Hajdú-Bihar (, ) is an administrative county (comitatus or vármegye) in eastern Hungary, on the border with Romania. It shares borders with the Hungarian counties Szabolcs-Szatmár-Bereg, Borsod-Abaúj-Zemplén, Jász-Nagykun-Szolnok and Békés. The capital of Hajdú-Bihar county is Debrecen. Together with Bihor County in Romania it constitutes the Biharia Euroregion.

Geography
The area of the county does not form a geographical unit; it shares several features with the neighbouring areas: from northeast the sand hills of the Nyírség spread over the county borders. The western part is the Hortobágy National Park ("Puszta"), a large flat area of the country. The county of Hajdú-Bihar occupies the eastern part of Hungary. Most of its territory is completely flat and is part of the Pannonian Plain region (called the Grand Plain in the country). The highest point hardly rises over 170.5 metres in the north. It seems that the county slopes to the south because the lowest point is situated in this part of Hajdú-Bihar and hits the 85 metres height.

The wind and rivers formed and shaped the land for thousands of years. First the area of the present-day Hungary was occupied by an inland sea. Then, after some underground movement, the huge peaks of the Carpathians rose from this sea. The wild and rapid rivers of the mountains slowly made that inland sea disappear.
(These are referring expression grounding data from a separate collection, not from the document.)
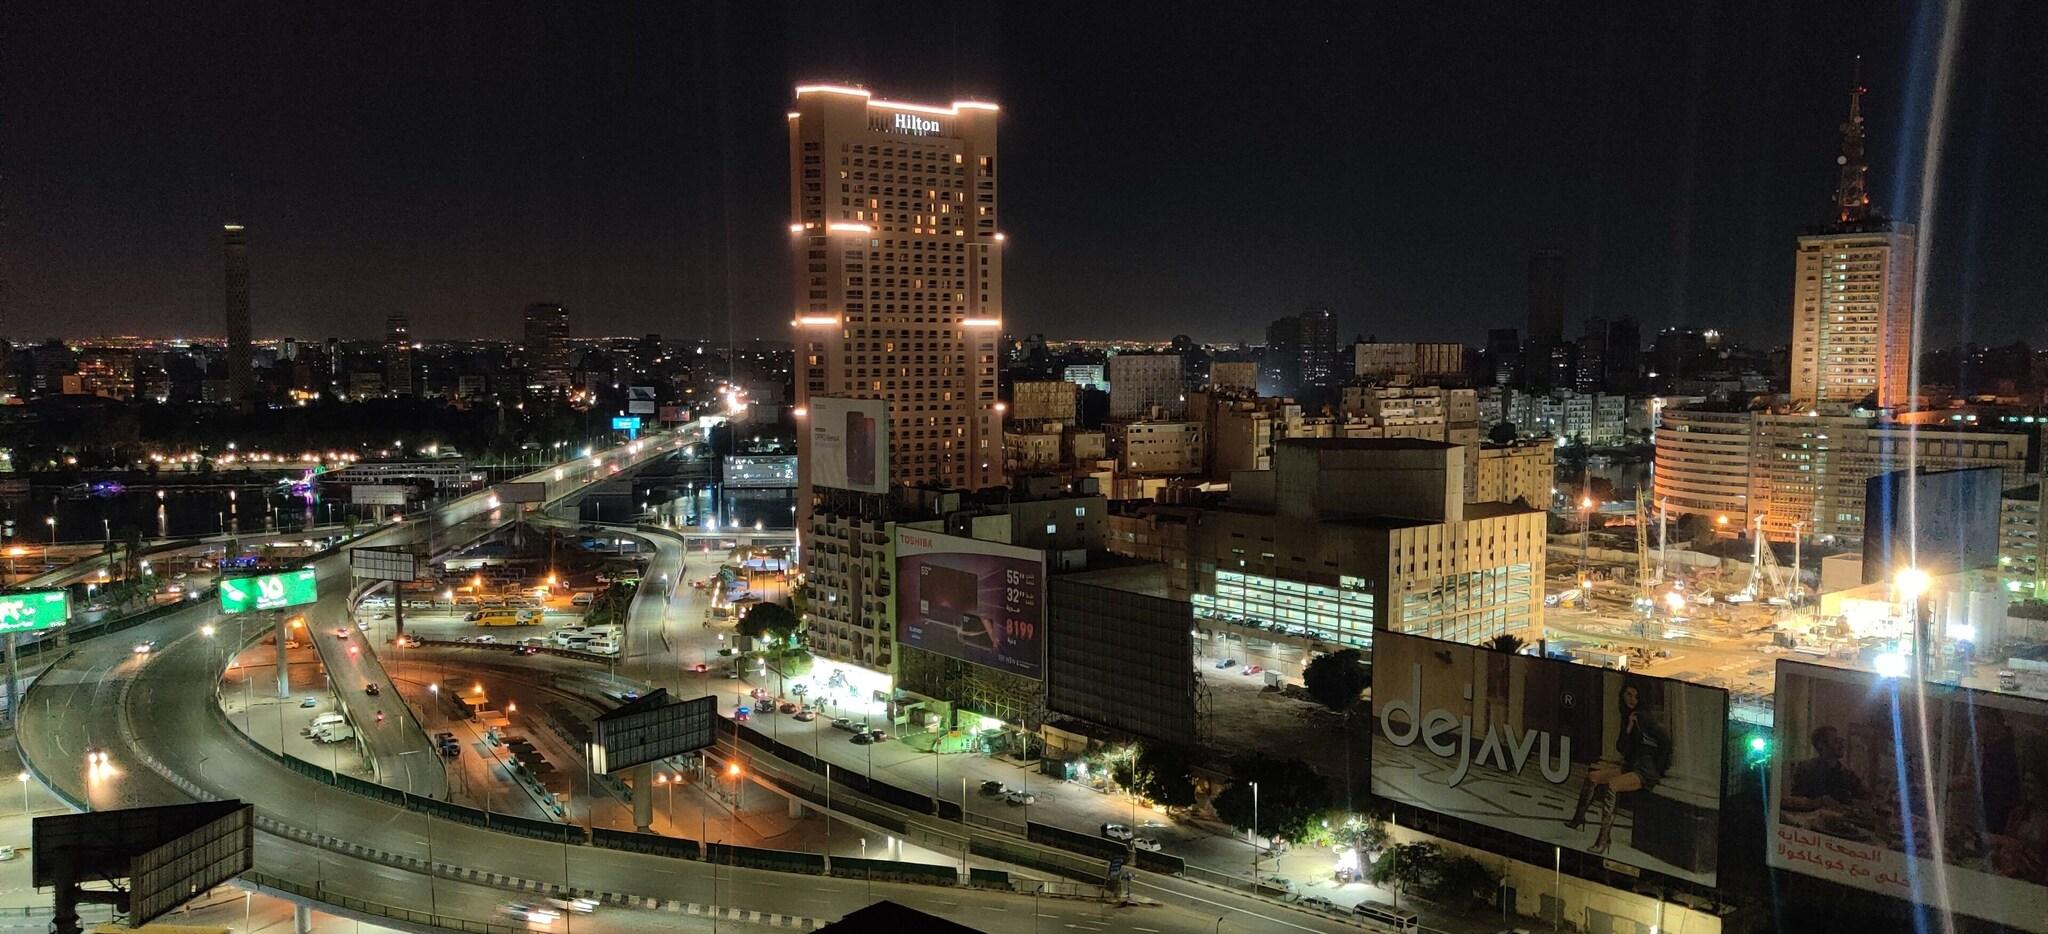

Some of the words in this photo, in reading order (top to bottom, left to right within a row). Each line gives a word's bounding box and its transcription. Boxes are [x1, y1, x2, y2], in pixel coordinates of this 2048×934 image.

[895, 113, 940, 132] Hilton
[900, 534, 933, 549] TOSHIBA
[1006, 619, 1034, 640] 8199
[1777, 843, 1845, 871] كوكاكولا
[1849, 863, 1870, 877] مع
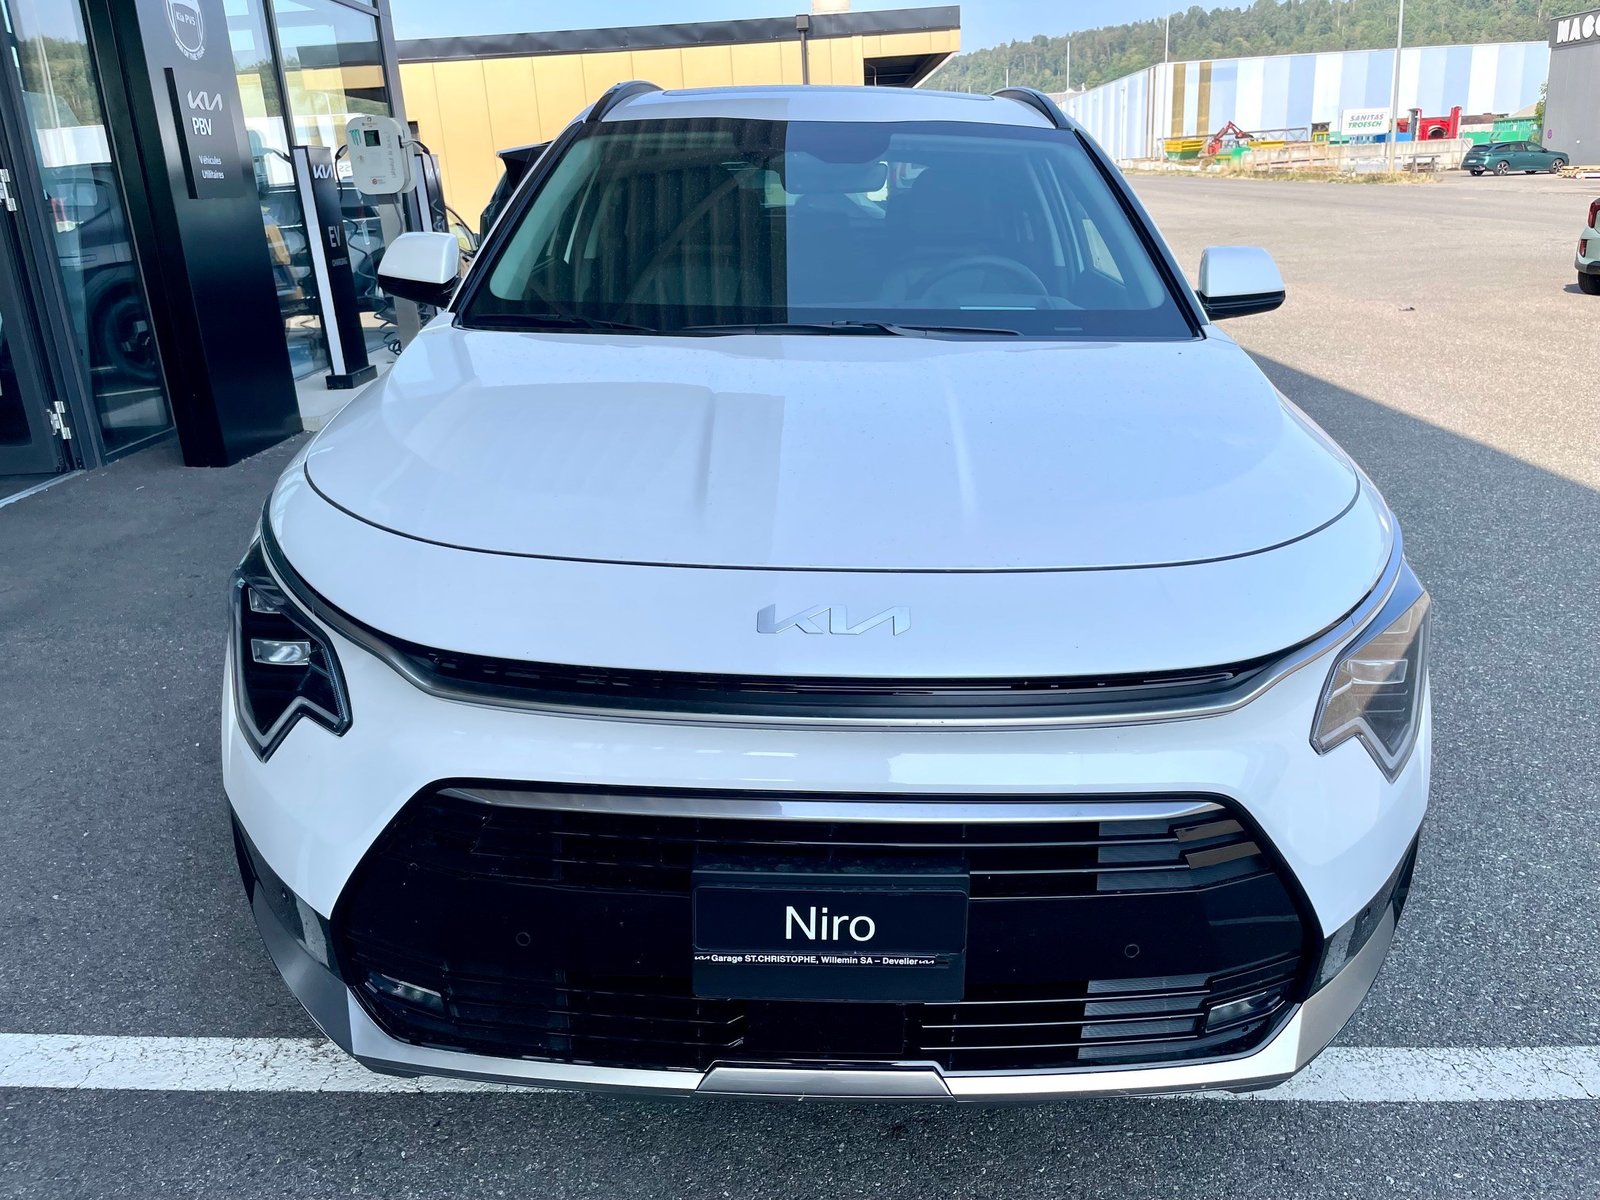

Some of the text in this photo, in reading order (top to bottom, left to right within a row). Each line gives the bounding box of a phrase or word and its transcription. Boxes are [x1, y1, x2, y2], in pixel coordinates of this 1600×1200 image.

Later, the great Hungarian plain was formed by the alluvial deposits of the rivers, the wind began to work and from the great rocks became smaller and smaller sand-grains, the so-called loess. This covers thickly the Hajdú-Bihar plain as well and makes a fertile soil. There are two great rivers in this area, the Tisza and the Körös. The Hortobágy area was formed by the first one. It used to be the flood area of the Tisza river and after the river was controlled, the Hortobágy became dry, resulting in special fauna.

History
Hajdú-Bihar county was created after World War II from the pre-1938 counties Hajdú and Bihar. See the articles of those counties for the history before World War II.

Demographics

In 2015, it had a population of 537,268 and the population density was 87/km².

Ethnicity
The main minority populations in the county are Roma (about 18,000), Romanian (about 2,000), and German (about 1,000).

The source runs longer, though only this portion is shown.